[[ PROVIDED DATA, beginning ]]

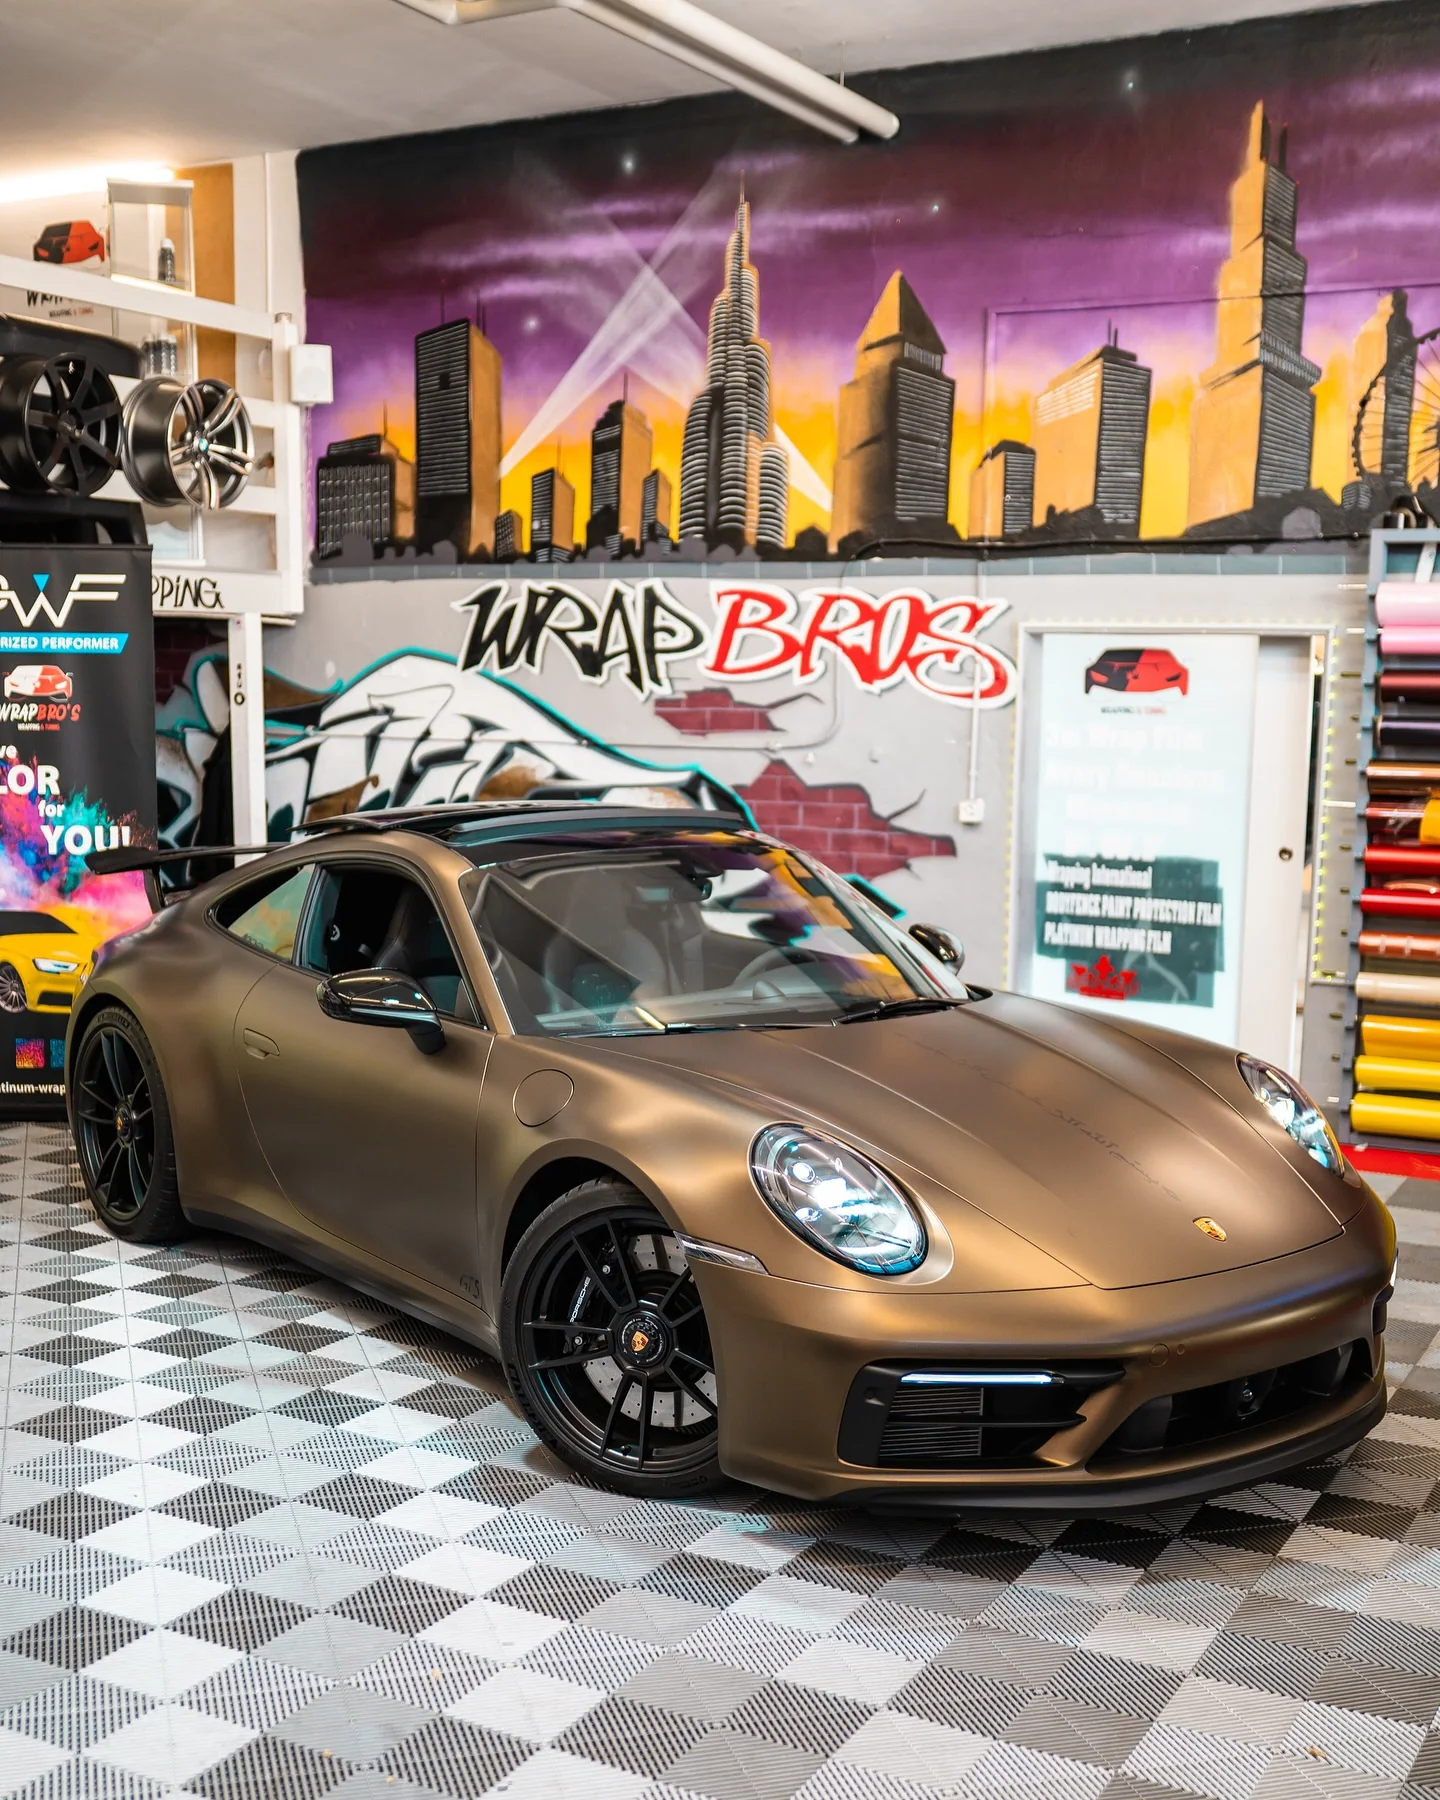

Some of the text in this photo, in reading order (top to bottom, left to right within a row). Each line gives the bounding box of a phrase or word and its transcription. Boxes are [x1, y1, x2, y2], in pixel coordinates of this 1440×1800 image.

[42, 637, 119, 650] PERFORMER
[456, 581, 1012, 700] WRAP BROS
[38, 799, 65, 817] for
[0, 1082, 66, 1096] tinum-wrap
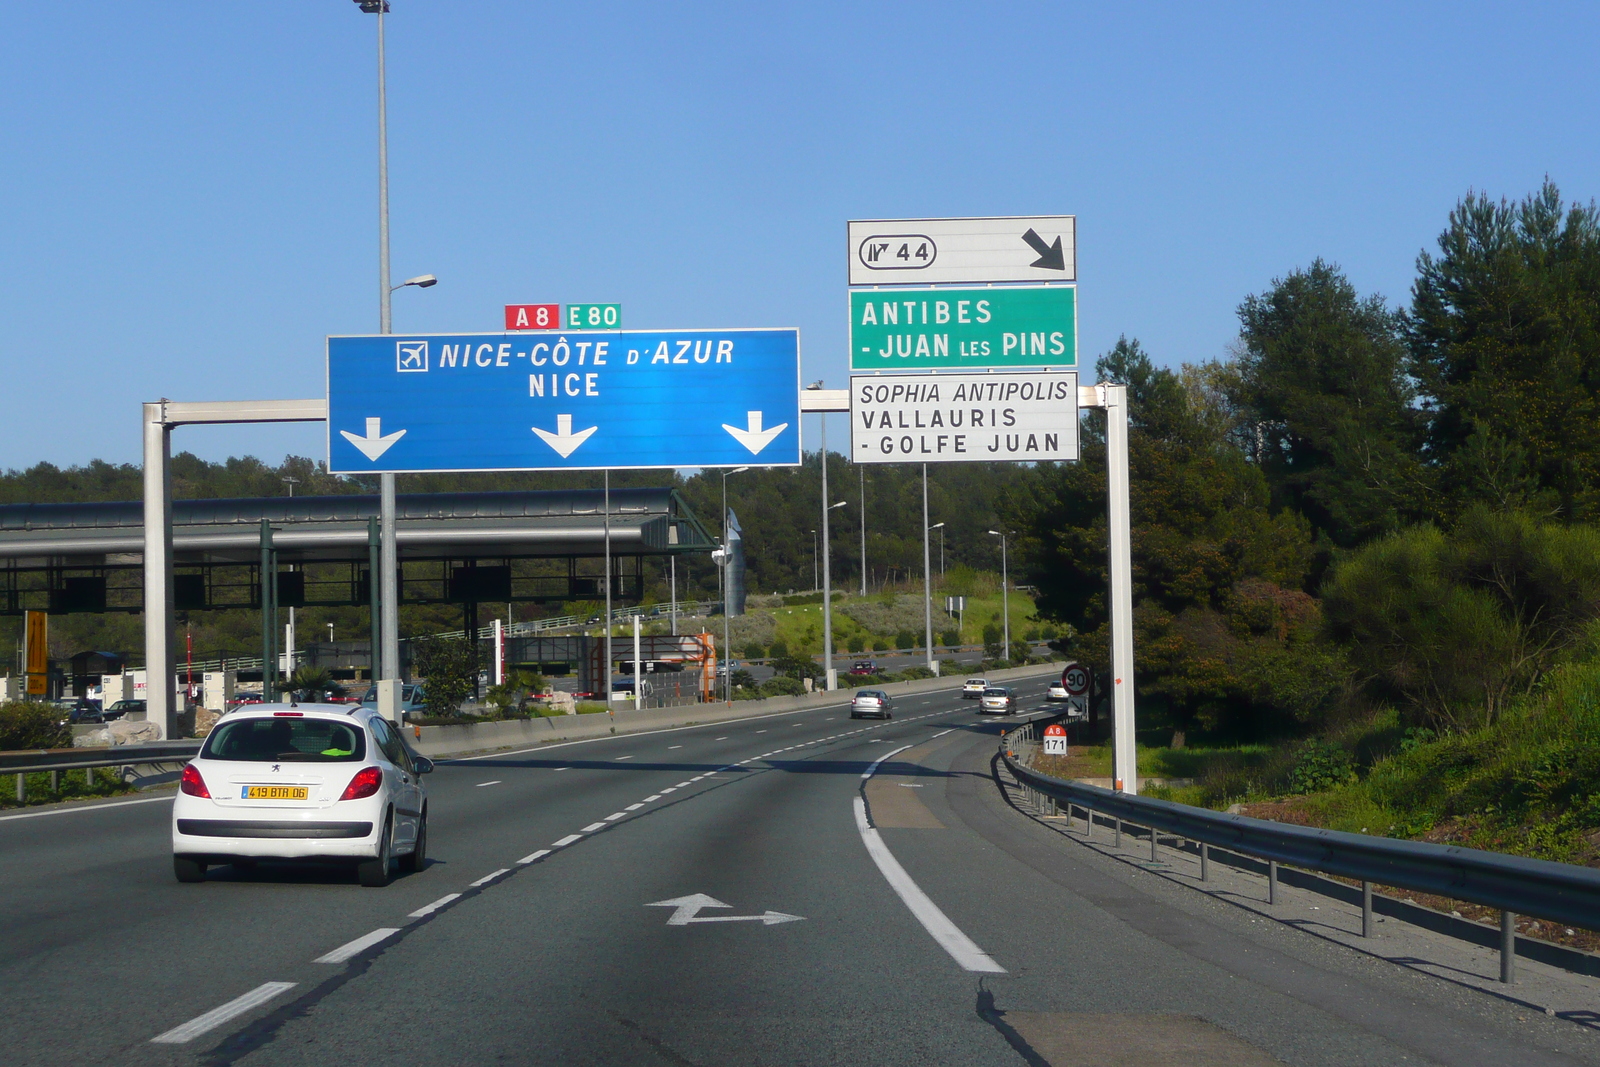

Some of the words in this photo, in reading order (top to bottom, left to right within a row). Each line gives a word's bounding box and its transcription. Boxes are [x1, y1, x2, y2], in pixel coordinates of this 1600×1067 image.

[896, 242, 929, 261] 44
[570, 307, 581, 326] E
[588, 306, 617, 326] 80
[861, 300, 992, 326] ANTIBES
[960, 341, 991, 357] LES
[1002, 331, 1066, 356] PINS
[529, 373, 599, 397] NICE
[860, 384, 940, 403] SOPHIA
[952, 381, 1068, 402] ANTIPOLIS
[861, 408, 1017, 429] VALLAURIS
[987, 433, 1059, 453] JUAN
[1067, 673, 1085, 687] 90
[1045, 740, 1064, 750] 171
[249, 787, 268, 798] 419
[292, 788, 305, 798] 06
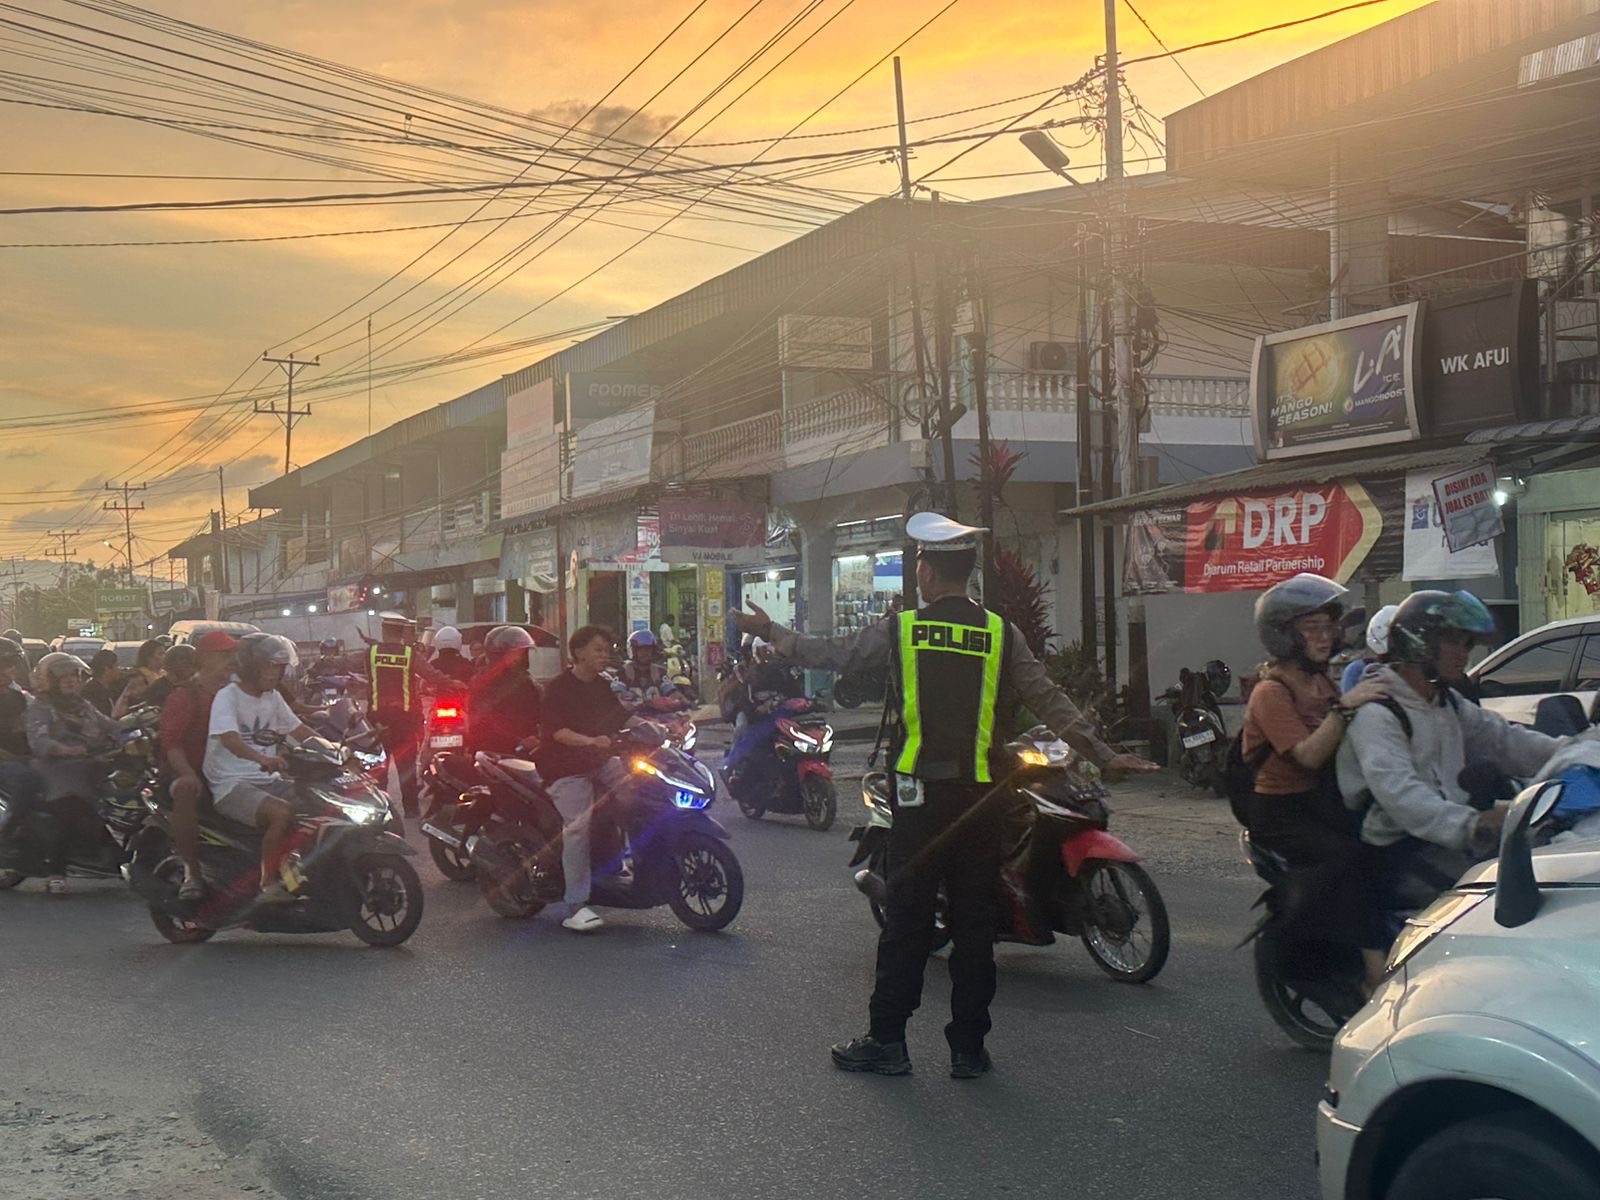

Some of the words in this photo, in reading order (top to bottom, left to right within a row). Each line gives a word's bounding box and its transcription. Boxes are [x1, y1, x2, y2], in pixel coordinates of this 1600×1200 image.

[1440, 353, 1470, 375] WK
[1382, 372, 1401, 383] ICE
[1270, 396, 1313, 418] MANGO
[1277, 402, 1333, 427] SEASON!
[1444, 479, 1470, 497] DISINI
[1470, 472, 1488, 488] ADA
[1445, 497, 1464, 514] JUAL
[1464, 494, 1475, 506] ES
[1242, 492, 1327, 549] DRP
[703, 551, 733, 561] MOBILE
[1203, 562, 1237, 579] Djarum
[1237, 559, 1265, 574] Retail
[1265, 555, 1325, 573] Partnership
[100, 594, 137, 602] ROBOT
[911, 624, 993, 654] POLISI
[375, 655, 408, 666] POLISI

[[ PROVIDED DATA, end ]]

» **TASK INSTRUCTIONS**:
Could you print the listing above exactly, without the pictures?

» **RESPONSE TO THIS EXERCISE**:
Some of the text in this photo, in reading order (top to bottom, left to right within a row). Each line gives the bounding box of a phrase or word and its transcription. Boxes are [x1, y1, x2, y2], in pixel coordinates of this 1440×1800 image.

[42, 637, 119, 650] PERFORMER
[456, 581, 1012, 700] WRAP BROS
[38, 799, 65, 817] for
[0, 1082, 66, 1096] tinum-wrap

Some of the words in this photo, in reading order (top to bottom, left to right within a row). Each line gives a word's bounding box and its transcription. Boxes are [x1, y1, x2, y2], in pixel coordinates of this 1600×1067 image.

[896, 242, 929, 261] 44
[570, 307, 581, 326] E
[588, 306, 617, 326] 80
[861, 300, 992, 326] ANTIBES
[960, 341, 991, 357] LES
[1002, 331, 1066, 356] PINS
[529, 373, 599, 397] NICE
[860, 384, 940, 403] SOPHIA
[952, 381, 1068, 402] ANTIPOLIS
[861, 408, 1017, 429] VALLAURIS
[987, 433, 1059, 453] JUAN
[1067, 673, 1085, 687] 90
[1045, 740, 1064, 750] 171
[249, 787, 268, 798] 419
[292, 788, 305, 798] 06

Some of the words in this photo, in reading order (top to bottom, left to right within a row). Each line gives a word's bounding box and its transcription. Boxes are [x1, y1, x2, y2], in pixel coordinates of this 1600×1200 image.

[1440, 353, 1470, 375] WK
[1382, 372, 1401, 383] ICE
[1270, 396, 1313, 418] MANGO
[1277, 402, 1333, 427] SEASON!
[1444, 479, 1470, 497] DISINI
[1470, 472, 1488, 488] ADA
[1445, 497, 1464, 514] JUAL
[1464, 494, 1475, 506] ES
[1242, 492, 1327, 549] DRP
[703, 551, 733, 561] MOBILE
[1203, 562, 1237, 579] Djarum
[1237, 559, 1265, 574] Retail
[1265, 555, 1325, 573] Partnership
[100, 594, 137, 602] ROBOT
[911, 624, 993, 654] POLISI
[375, 655, 408, 666] POLISI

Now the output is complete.